AlphaGo Zero: Learning from scratch


Earlier versions of AlphaGo used a "policy network" to select the next move to play and a "value network" to predict the victor of the game from each position. AlphaGo bested South Korean Go master Lee Sedol in part by learning from a vast catalog of example moves by humans.

AlphaGo became the first program to defeat a world champion in the game of Go.

AlphaGo Zero was given no supervised training based on any expert moves. Three days and 4.9 million games later, Zero defeated AlphaGo Lee, an early version of the AI that destroyed 18-time world master Lee Sedol in 2015. It was one of those versions that went on to beat top player Lee Sedol a year ago, grabbing worldwide headlines.

Remarkably, during this self-teaching process AlphaGo Zero discovered numerous tricks and techniques that human Go players have developed over the past several thousand years.

The open-ended nature of the game has made Go a "grand challenge for artificial intelligence", the researchers say.

The team behind the AI said this breakthrough means AlphaGo is no longer "constrained by the limits of human knowledge". The AI learned without supervision-it simply played against itself, and soon was able to anticipate its own moves and how they would affect a game's outcome. But in the middle, the AI's moves didn't seem to follow anything a human would recognize as a strategy; instead, it would consistently find ways to edge ahead of any opponent, even if it lost ground on some moves.

The ancient game of Go works using two players, a board and pieces called stones. To do so, they used a process called reinforcement learning. Both Zeroes would start off with knowledge of the rules of Go, but they would only be capable of playing random moves. There are problems that AlphaGo Zero can not solve, such as games with hidden states or imperfect information, such as Starcraft or Dota, and it's unlikely that self-play will help there. A +1 is given if it wins and a -1 if it loses. As Zero was continuously trained, the system began learning advanced concepts in the game of Go on its own and picking out certain advantageous positions and sequences.

So, the black player could come up with four chains of next moves, and predict the third chain will be the most successful. After beating Jie earlier this year, DeepMind announced AlphaGo was retiring from future competitions. AlphaGo Zero, however, uses a single neural network. During the development of Zero, Hassabis says the system was trained on hardware that cost the company as much as $35 million.

DeepMind said that it's not releasing the code as it might for other projects.

AI programs like AlphaGo Zero that can gain mastery of various tasks without human input may be able to solve problems where human expertise falls short, says Satinder Singh, a computer scientist at the University of MI in Ann Arbor.

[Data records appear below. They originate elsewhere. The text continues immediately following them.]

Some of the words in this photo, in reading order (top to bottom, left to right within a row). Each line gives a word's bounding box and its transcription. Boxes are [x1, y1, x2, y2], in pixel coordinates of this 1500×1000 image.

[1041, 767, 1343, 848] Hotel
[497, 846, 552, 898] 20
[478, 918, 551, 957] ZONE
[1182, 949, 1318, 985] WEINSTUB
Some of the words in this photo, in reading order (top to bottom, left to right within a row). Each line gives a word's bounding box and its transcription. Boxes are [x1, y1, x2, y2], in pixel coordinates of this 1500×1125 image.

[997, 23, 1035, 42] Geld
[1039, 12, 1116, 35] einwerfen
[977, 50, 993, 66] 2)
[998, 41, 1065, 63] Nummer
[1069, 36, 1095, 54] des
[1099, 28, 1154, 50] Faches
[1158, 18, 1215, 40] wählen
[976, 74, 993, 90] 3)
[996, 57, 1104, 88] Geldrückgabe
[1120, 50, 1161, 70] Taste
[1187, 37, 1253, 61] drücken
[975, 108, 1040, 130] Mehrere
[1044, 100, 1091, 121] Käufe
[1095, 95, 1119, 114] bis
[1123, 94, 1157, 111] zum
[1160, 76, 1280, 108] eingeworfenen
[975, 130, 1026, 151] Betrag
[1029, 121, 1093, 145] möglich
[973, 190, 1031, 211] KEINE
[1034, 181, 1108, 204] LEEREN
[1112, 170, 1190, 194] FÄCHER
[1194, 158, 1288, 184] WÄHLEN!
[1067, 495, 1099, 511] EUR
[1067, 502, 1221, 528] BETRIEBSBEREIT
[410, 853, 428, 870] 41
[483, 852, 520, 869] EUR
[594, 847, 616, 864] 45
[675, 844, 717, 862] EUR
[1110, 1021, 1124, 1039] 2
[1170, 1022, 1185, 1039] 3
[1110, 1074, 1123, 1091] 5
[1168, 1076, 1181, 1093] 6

First, it used a so-called search tree to determine how many times a move would lead to a win in a set of quickly simulated games-a process called rollout. The software is a distillation of previous systems DeepMind has built: It's more powerful, but simpler and doesn't require the computational power of a Google server to run.

While the results were impressive enough to consistently beat top human players, they required expert input during the training.

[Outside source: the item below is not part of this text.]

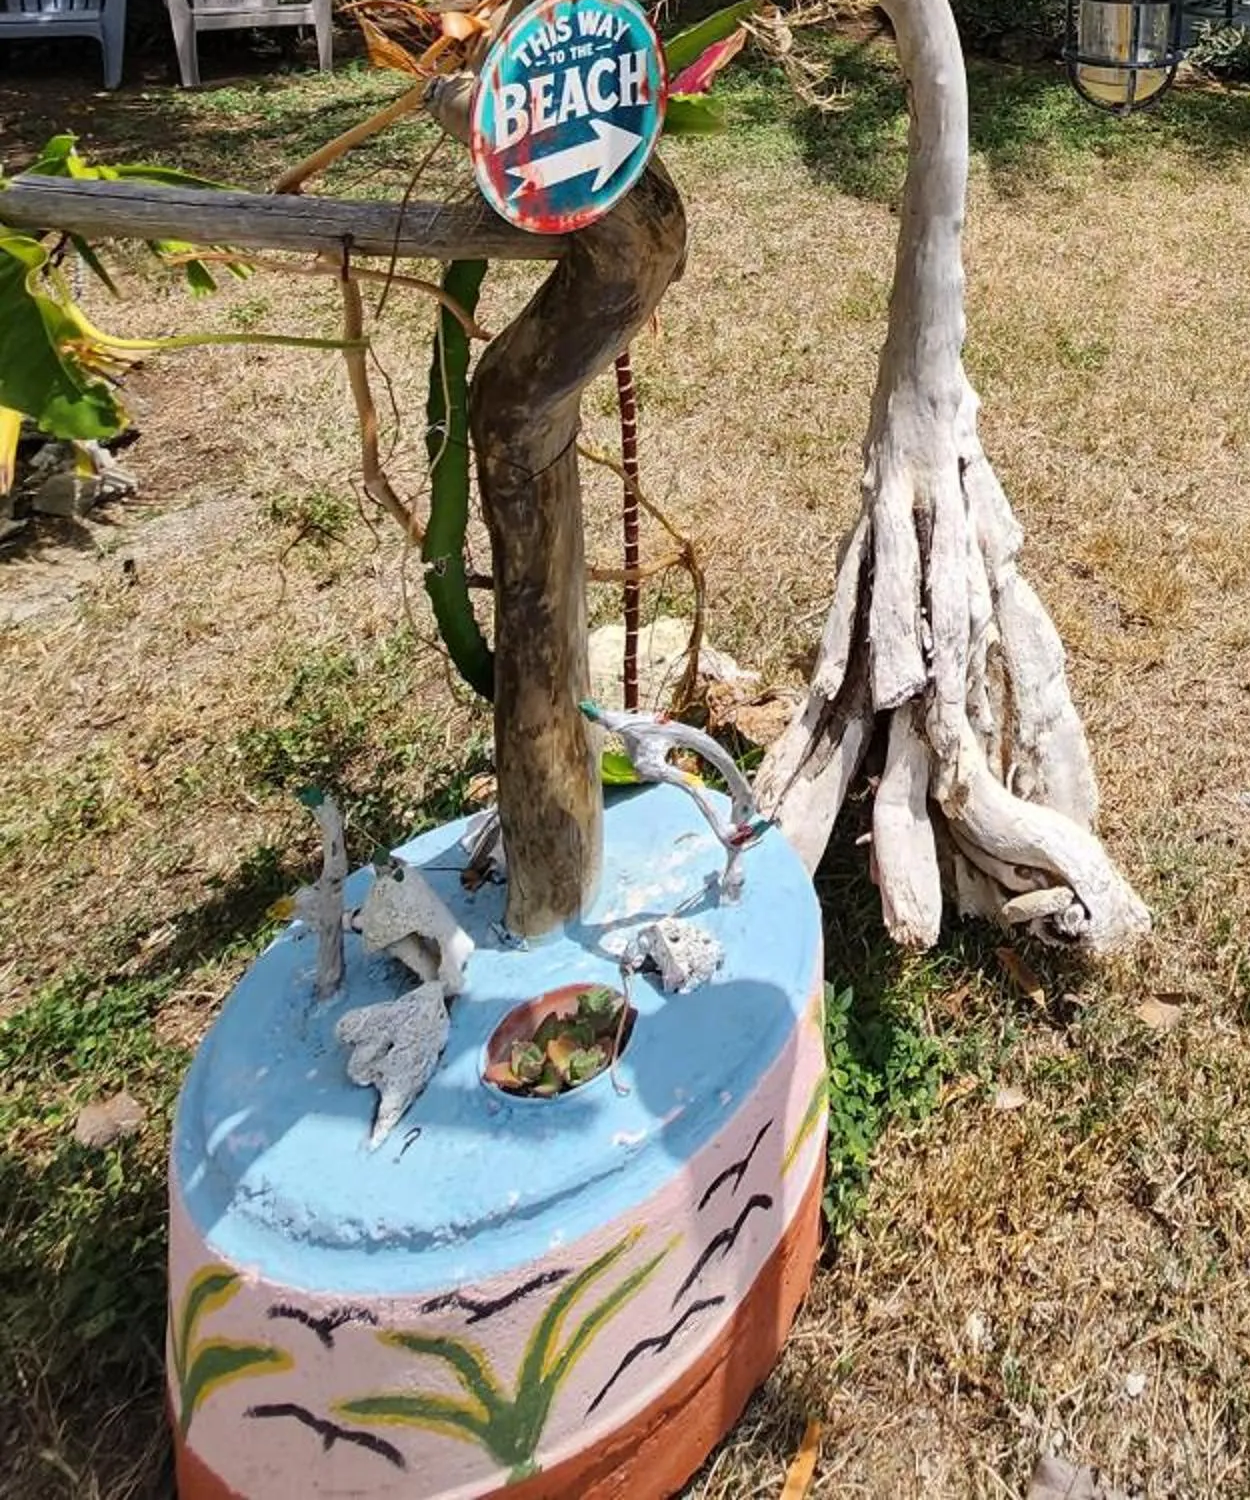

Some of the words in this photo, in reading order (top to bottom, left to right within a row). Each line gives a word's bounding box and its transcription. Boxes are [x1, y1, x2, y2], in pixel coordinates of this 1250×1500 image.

So the people at DeepMind decided to make a Go-playing AI that could teach itself how to play. We can also solve problems where the solution is nebulous, there are no "winners" and the rules to guide us don't exist.

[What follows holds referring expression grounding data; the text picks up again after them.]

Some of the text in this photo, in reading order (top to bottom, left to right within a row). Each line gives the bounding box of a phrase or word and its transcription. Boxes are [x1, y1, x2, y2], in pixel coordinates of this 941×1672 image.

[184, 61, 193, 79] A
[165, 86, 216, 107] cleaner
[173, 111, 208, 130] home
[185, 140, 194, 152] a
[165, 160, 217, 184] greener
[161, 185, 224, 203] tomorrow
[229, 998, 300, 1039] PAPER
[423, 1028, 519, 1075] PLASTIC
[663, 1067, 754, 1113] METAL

Computer scientist Professor Satinder Singh, of Michigan University, reviewed the findings for the journal and said teaching a computer to learn from scracth is a "major achievement". The system, for instance, couldn't be used to translate languages. "In 10 years, I hope that these kinds of algorithms will be routinely advancing the frontiers of scientific research", says Hassabis.

There are far more potential moves than in chess and Go is said to be the most complex board game ever devised, making it an ideal testing ground for artificial intelligence.

"Drug discovery, proteins, quantum chemistry, material design-material design, think about it, maybe there is a room-temperature superconductor out and about there", Hassabis says, alluding to a hypothetical metal that would be able to perfectly conduct electricity. "Sometimes it's actually chosen to go beyond that and discovered something that the humans hadn't even discovered in this time period". Applying this approach to real-world scenarios where there's a level of unpredictability is much harder.